Jan dice que tiene cada vez menos tiempo en el trabajo a la par que se reduce su jornada laboral: ahora cuatro días y uno de ellos medio tiempo pero ni aún así ve una relación entre A y B y se queja como si no entendiera.
Marianne votó a la extrema derecha porque "no leyó las propuestas" pero decidió no contratar el Bed & Breakfast que le recomendaron porque habiendo leído todo en detalle, descubrió cosas que la perjudicaban.
Janna dice que "ese árbol debería cortarse porque me saca luz" mientras baja del auto oscuro, entra a la casa gris, se sienta en el sillón negro, en la penumbra de la baja luz del velador que eligió y disfruta de la oscuridad tan trendy, a claras luces.
Peter sentencia que "no se hace lo suficiente por el medio ambiente" mientras planifica sus segundas vacaciones este año, ambas en... avión.
Maria dice que "las mujeres tienen que lucir naturales, no teñirse y evitar el maquillaje" a la par que no publica una foto sin someter su cara y cuerpo a la suficiente cantidad de filtros y tiene, en su perfil, una foto suya de tantos años atrás y con tantos filtros que ni su familia la reconoce en ella.
Marc firma una petición en Change.org "para terminar con la deforestación del Amazonas" mientras espera a la empresa que vendrá a colocarle baldosones negros en su jardín porque "son más fáciles de mantener y no tengo que hacer nada" a la par que fortalecen la sensación de sauna para él y sus vecinos en veranos cada vez más calurosos.
Tom dice que "si los inmigrantes tienen quejas, que se vuelvan a sus países" sin que nadie le avise que esos retornos no mejorarán el status quo y que, aunque le rompa el corazón, los nacionales, ay! también se quejan.
Daisy acude religiosamente al gimnasio cada mañana con la misma efusividad con que puja por poder estacionar exactamente al lado de las escaleras del supermercado para tener que caminar lo menos posible y repite el ritual cuando estaciona ilegalmente junto a la escuela de su hija con el mismo objetivo.
Femke insiste cada día en las redes sociales con que "nada es más importante que deshacerse del lobo" mientras rechaza la notificación de su móvil en que se lee: "Un día más con altísima contaminación en Países Bajos. La salud de todos, en peligro".

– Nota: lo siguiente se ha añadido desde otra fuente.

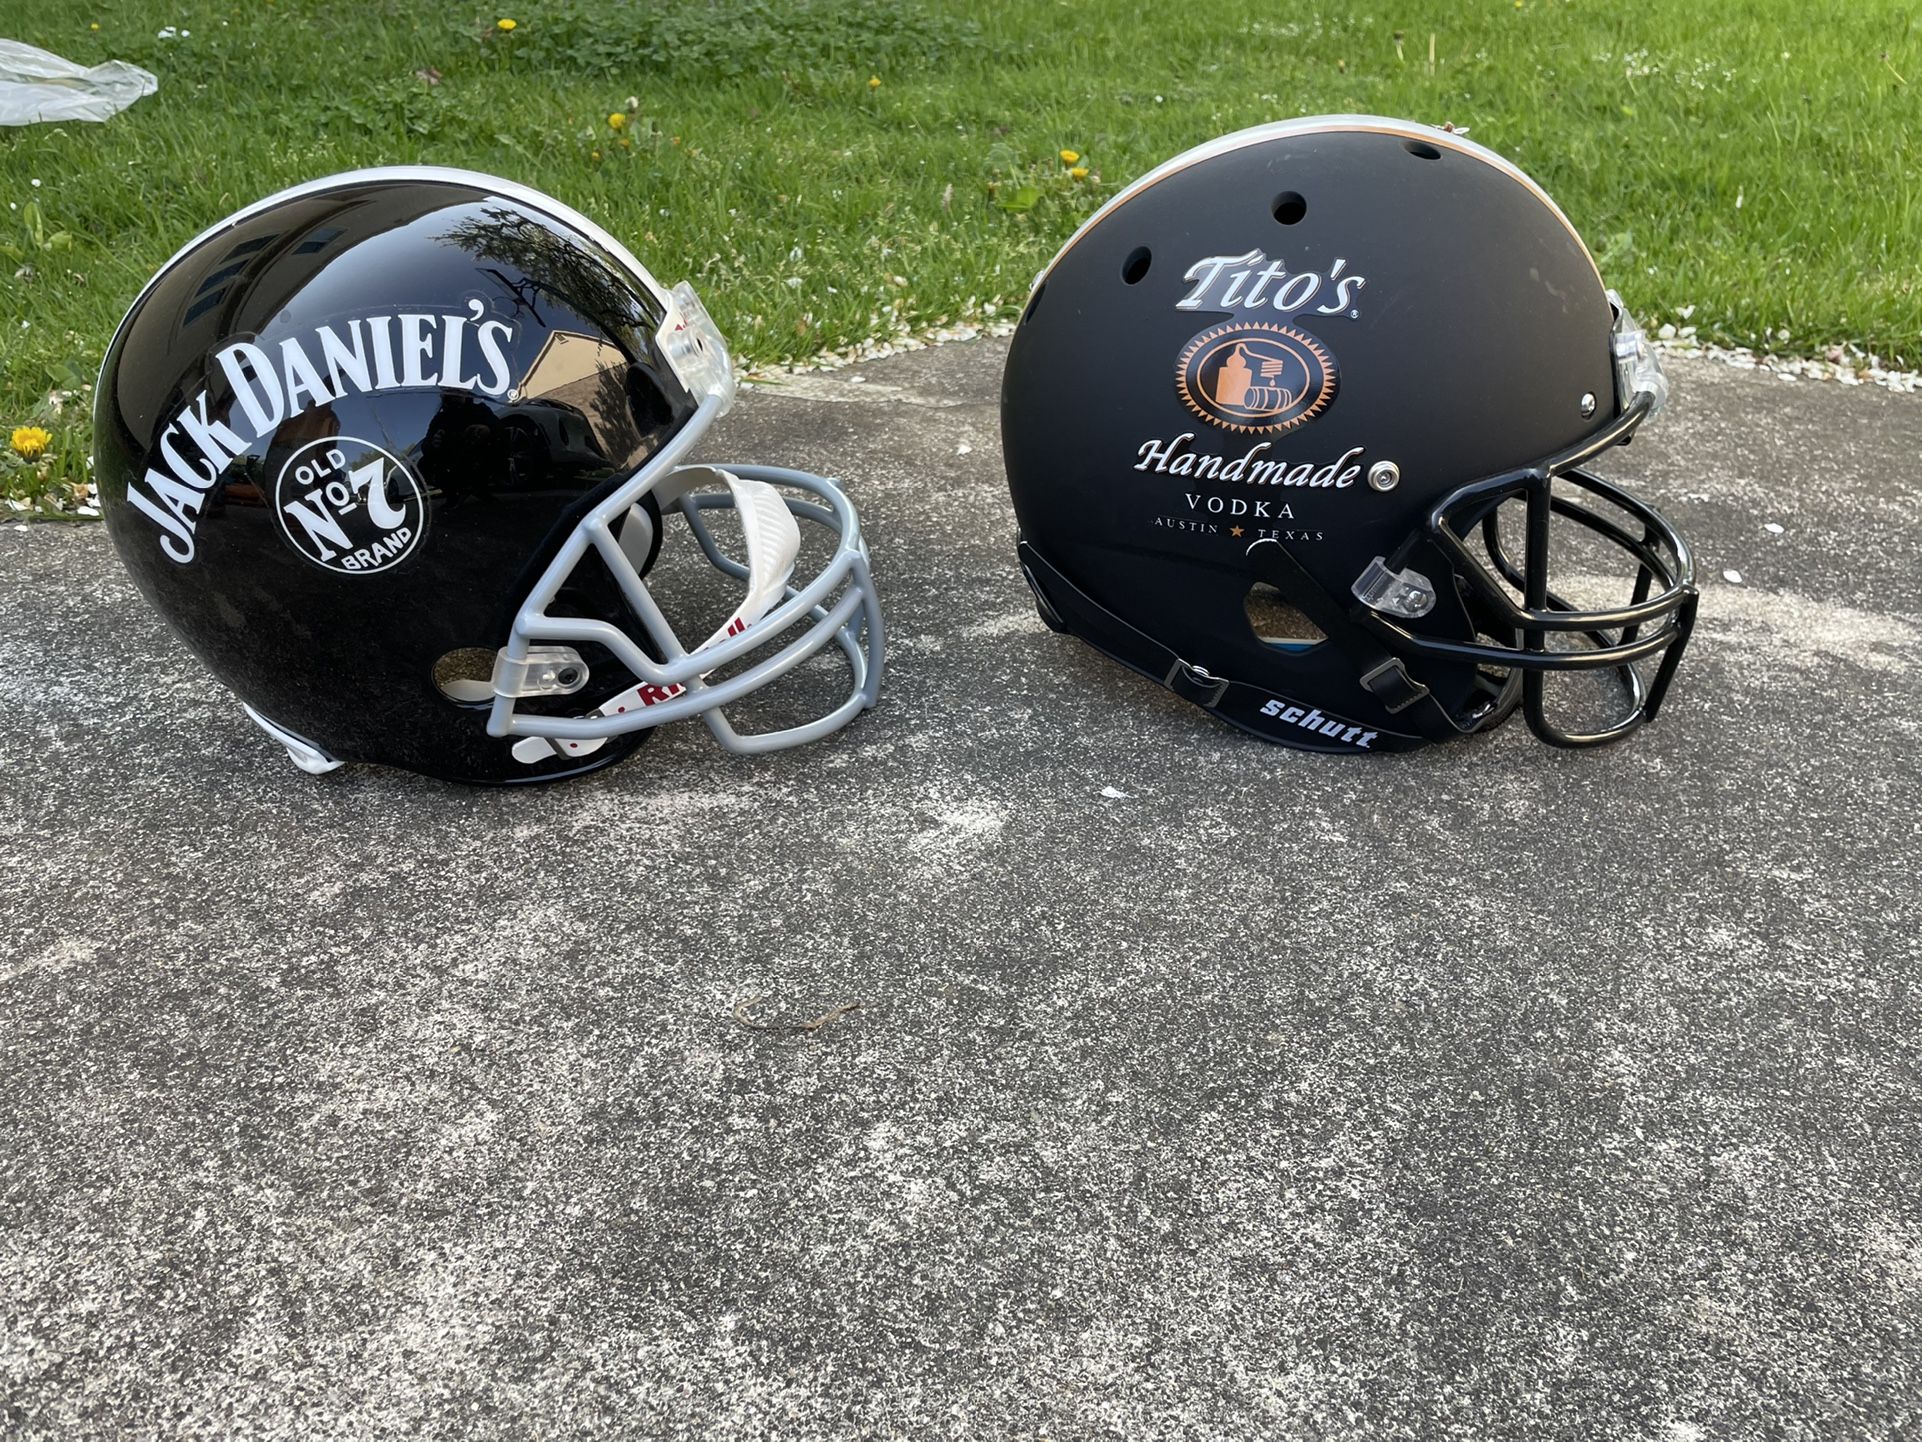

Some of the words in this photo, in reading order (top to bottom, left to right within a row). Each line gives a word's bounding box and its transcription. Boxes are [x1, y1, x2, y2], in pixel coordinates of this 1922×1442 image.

[1175, 248, 1366, 314] Tito's
[127, 390, 252, 564] JACK
[214, 299, 513, 438] DANIEL'S
[295, 449, 346, 485] OLD
[1133, 432, 1365, 489] Handmade
[1154, 517, 1219, 534] AUSTIN
[1257, 528, 1324, 541] TEXAS
[1185, 493, 1294, 519] VODKA
[341, 527, 411, 570] BRAND
[1260, 699, 1378, 748] schutt
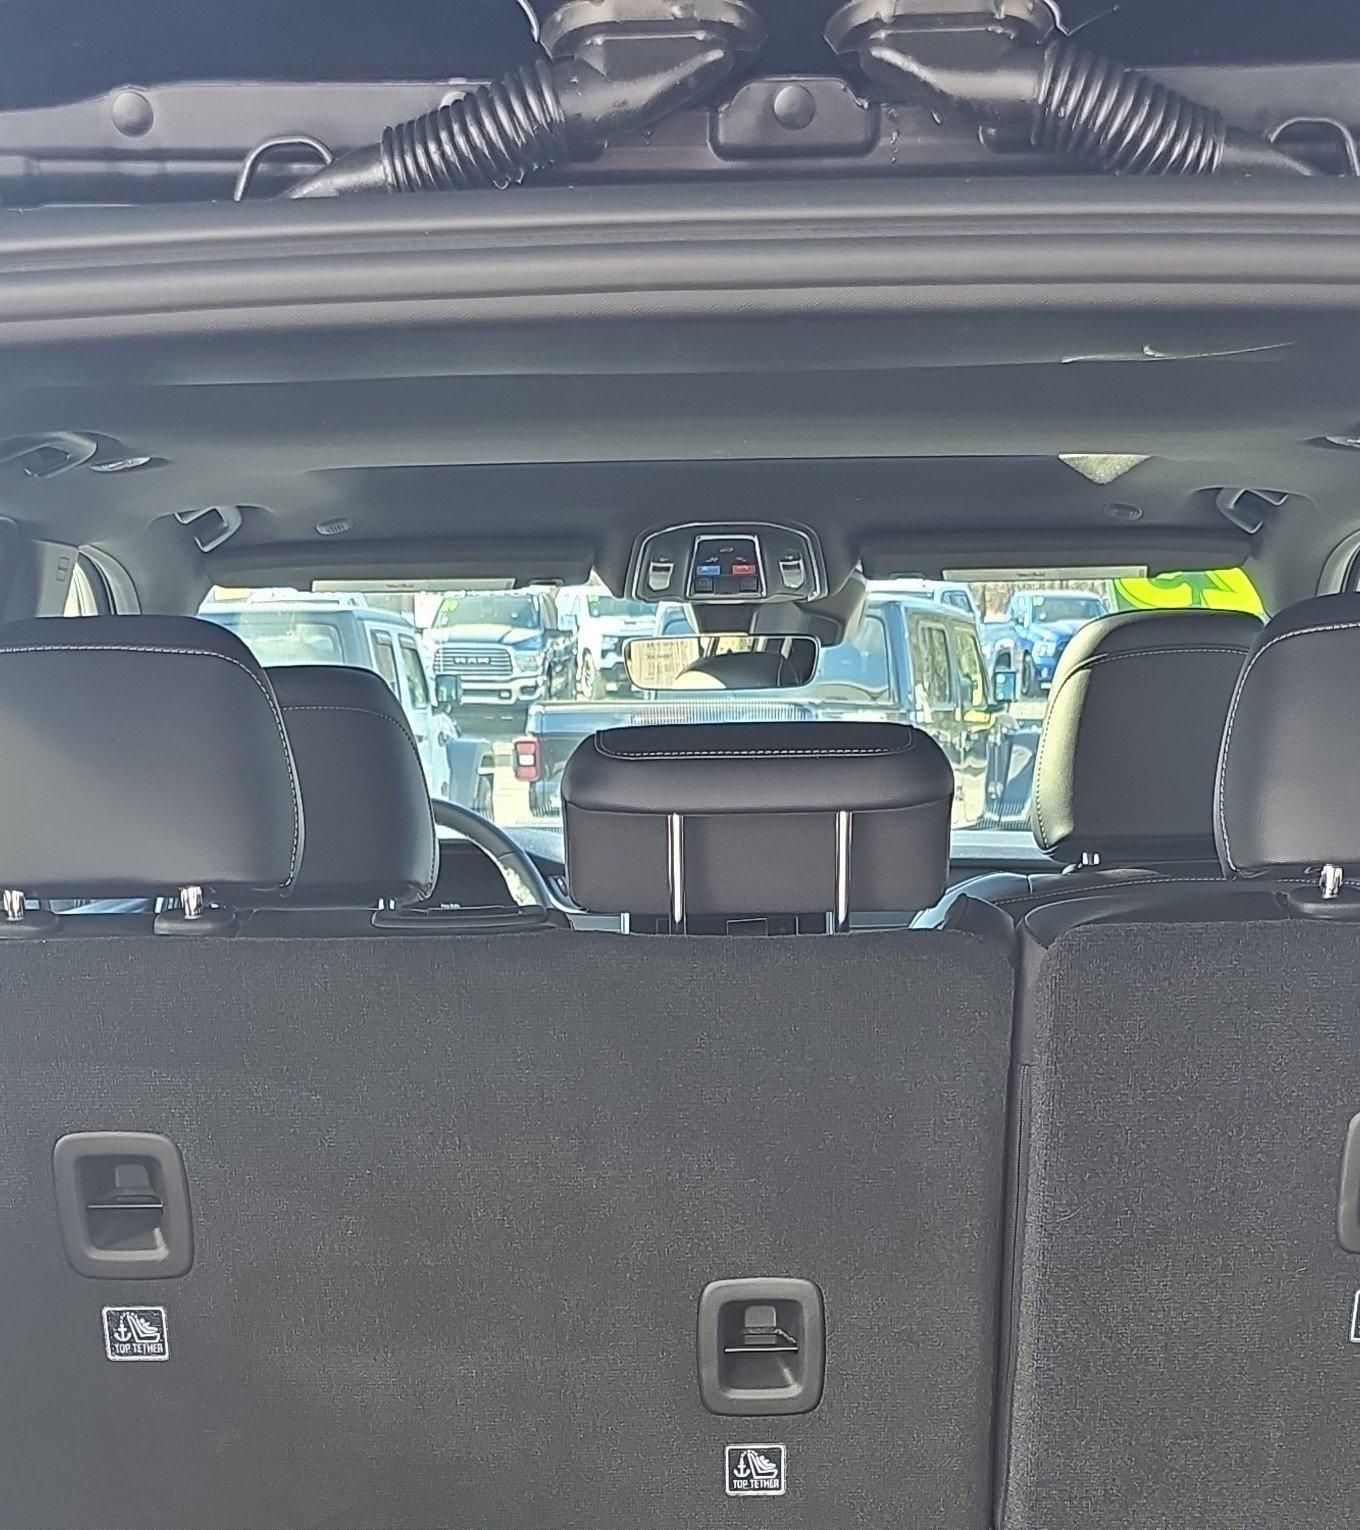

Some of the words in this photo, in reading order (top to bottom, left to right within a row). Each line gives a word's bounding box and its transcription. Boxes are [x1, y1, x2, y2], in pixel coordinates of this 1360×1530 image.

[115, 1343, 131, 1354] TOP
[132, 1343, 164, 1355] TETHER
[733, 1479, 748, 1489] TOP
[750, 1479, 780, 1489] TETHER
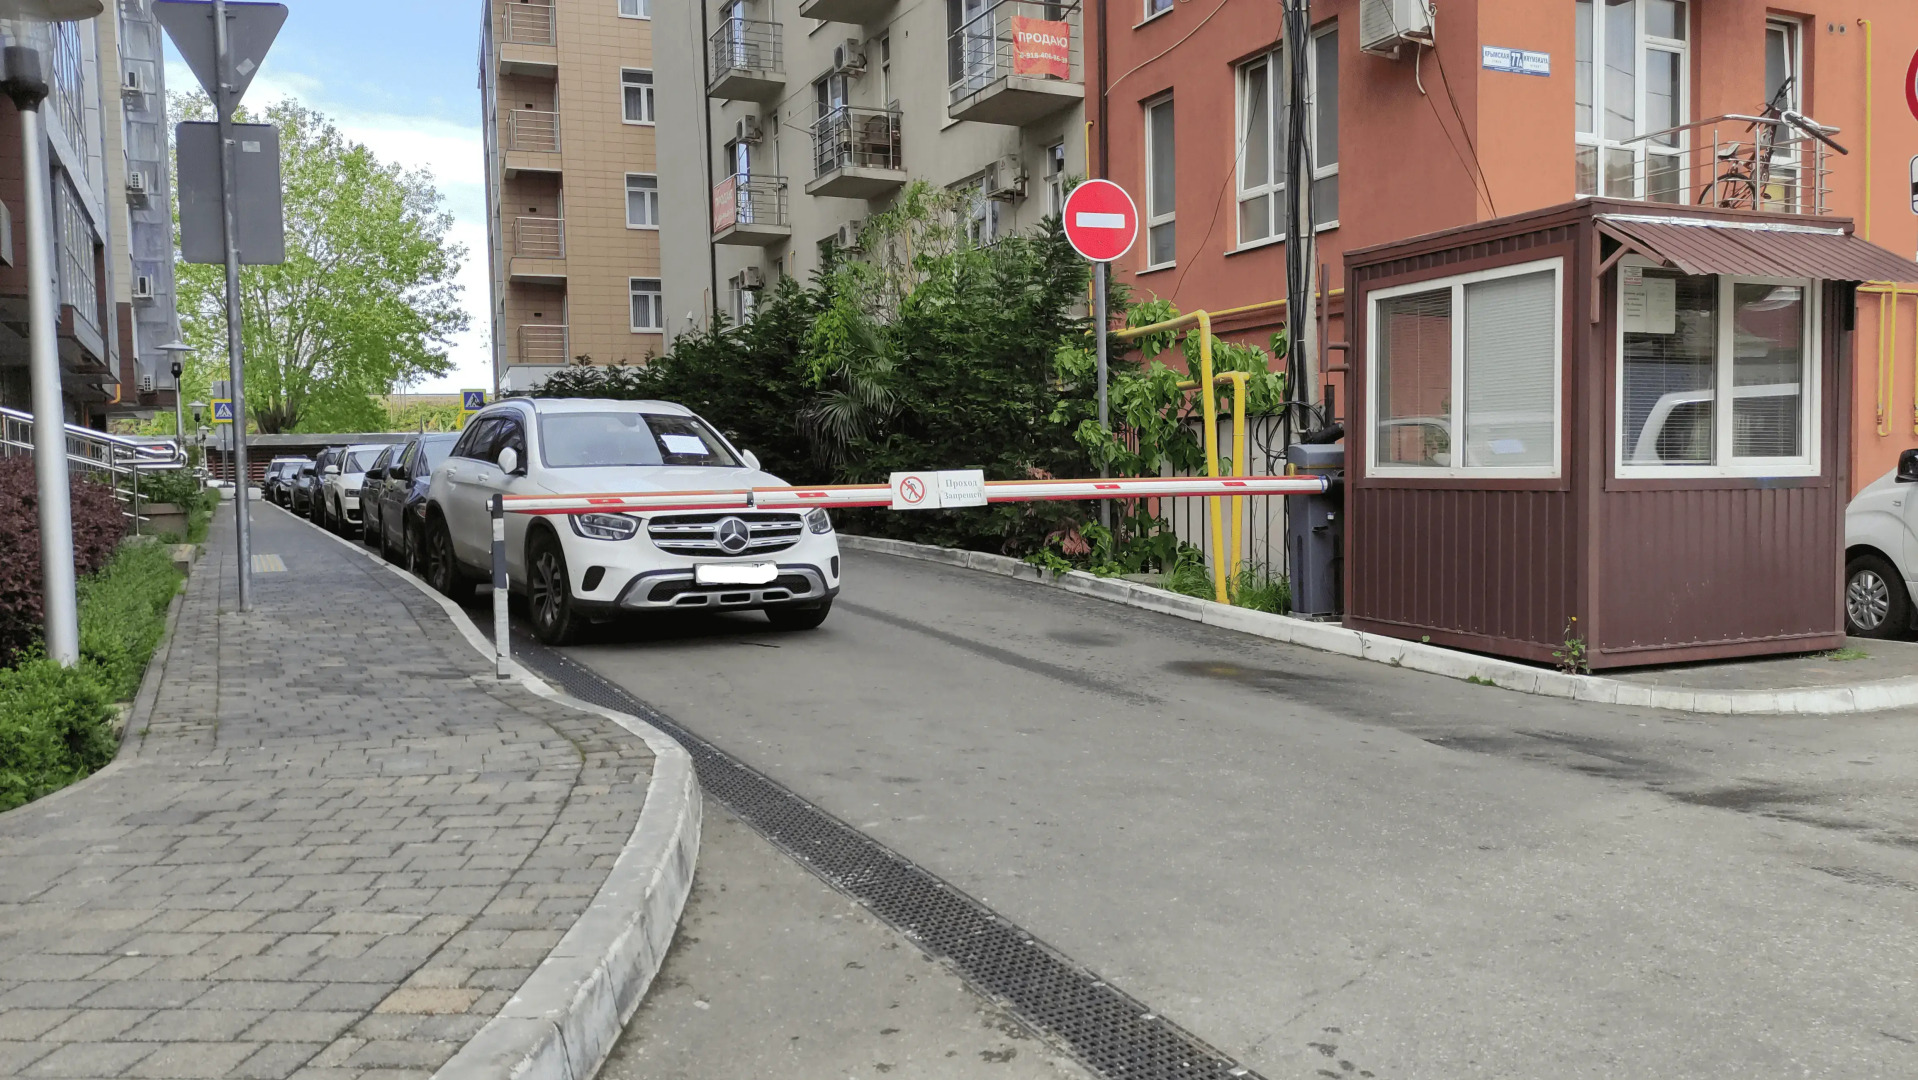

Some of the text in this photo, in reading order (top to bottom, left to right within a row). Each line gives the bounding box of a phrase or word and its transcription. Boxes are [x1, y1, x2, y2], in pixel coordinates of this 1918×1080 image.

[1018, 31, 1067, 47] ПРОДАЮ
[1484, 50, 1510, 59] КРЫМСКАЯ
[945, 479, 978, 489] Проход
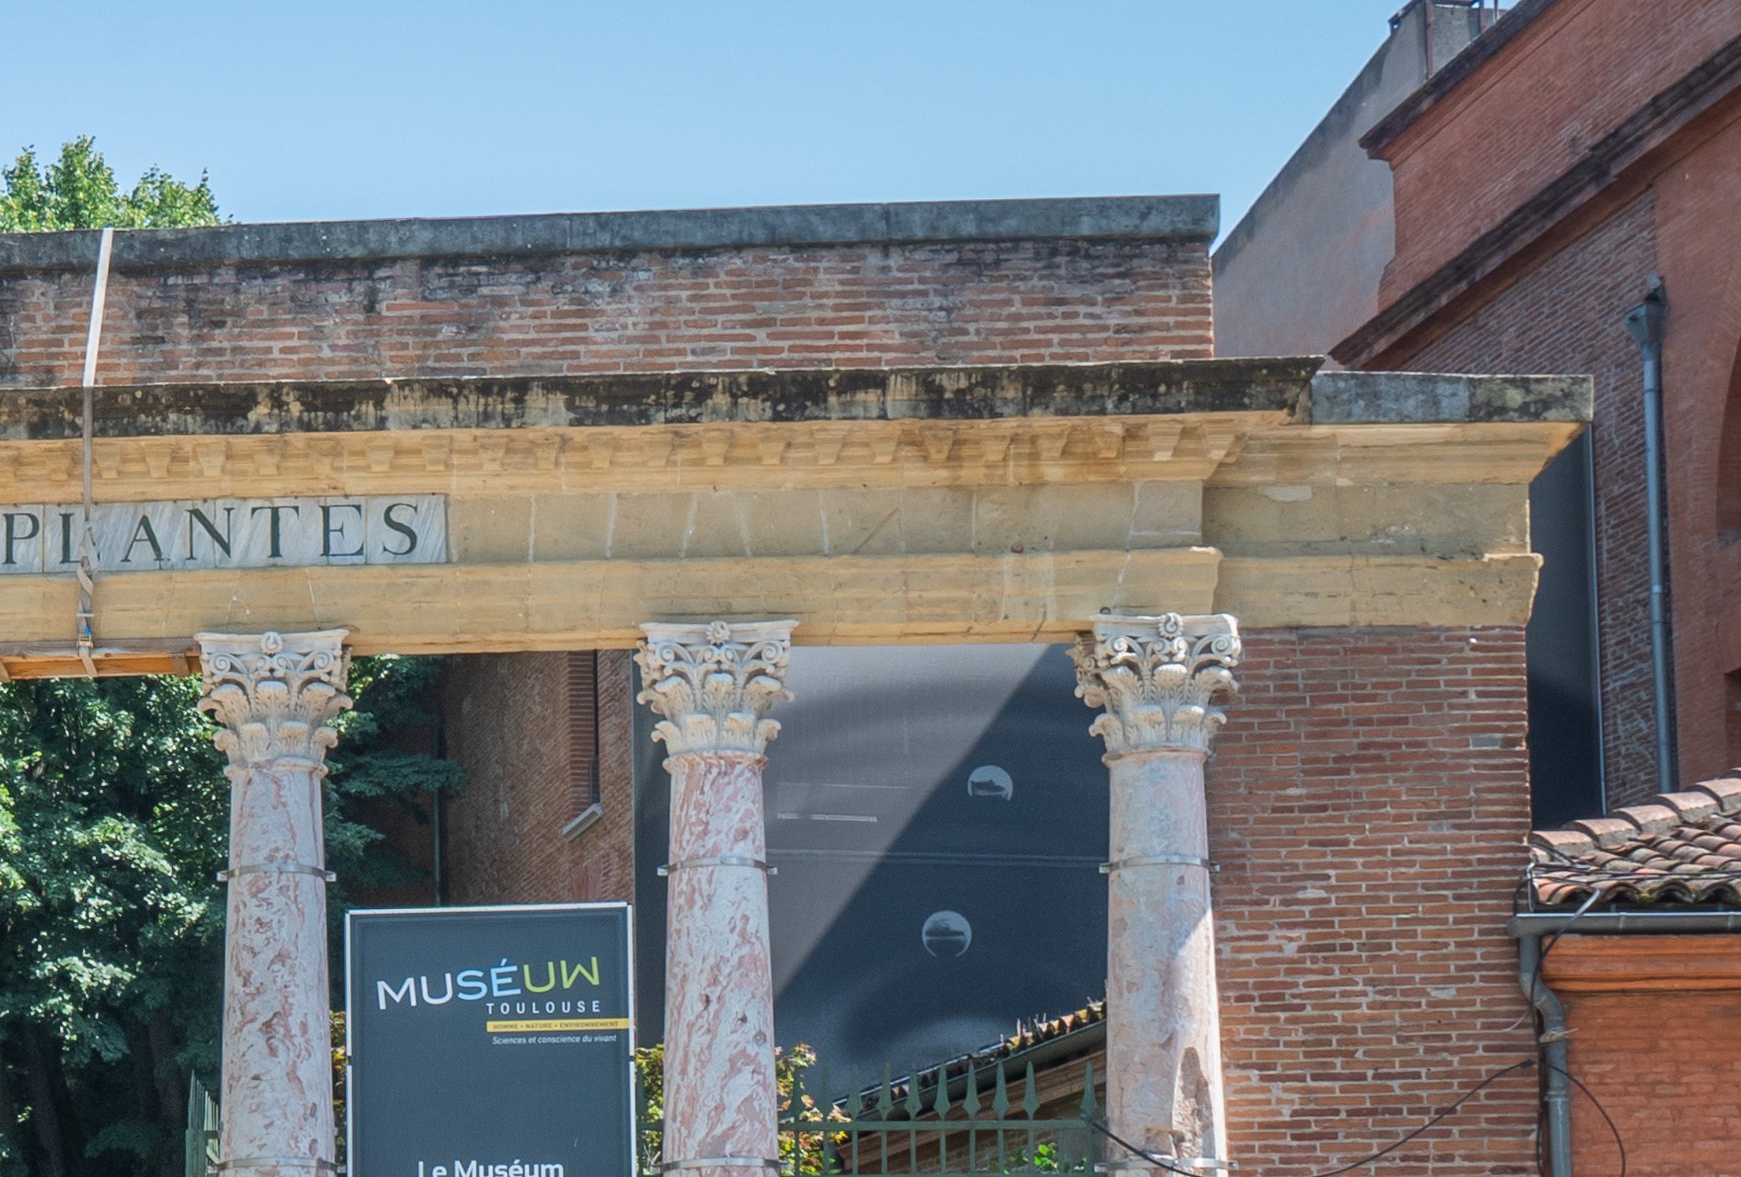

Rose se queja en la oficina del "poco tiempo" que tiene pretendiendo no entender que, desde la costumbre empezada en el confinamiento, le dedica un mínimo de una hora a videollamadas cuyos temas solían resolverse con un correo electrónico o una llamada telefónica de diez minutos.
Algunas contradicciones de noviembre. O de marzo, para el caso. Podría seguir pero voy a terminar aunque éste sea sólo el principio.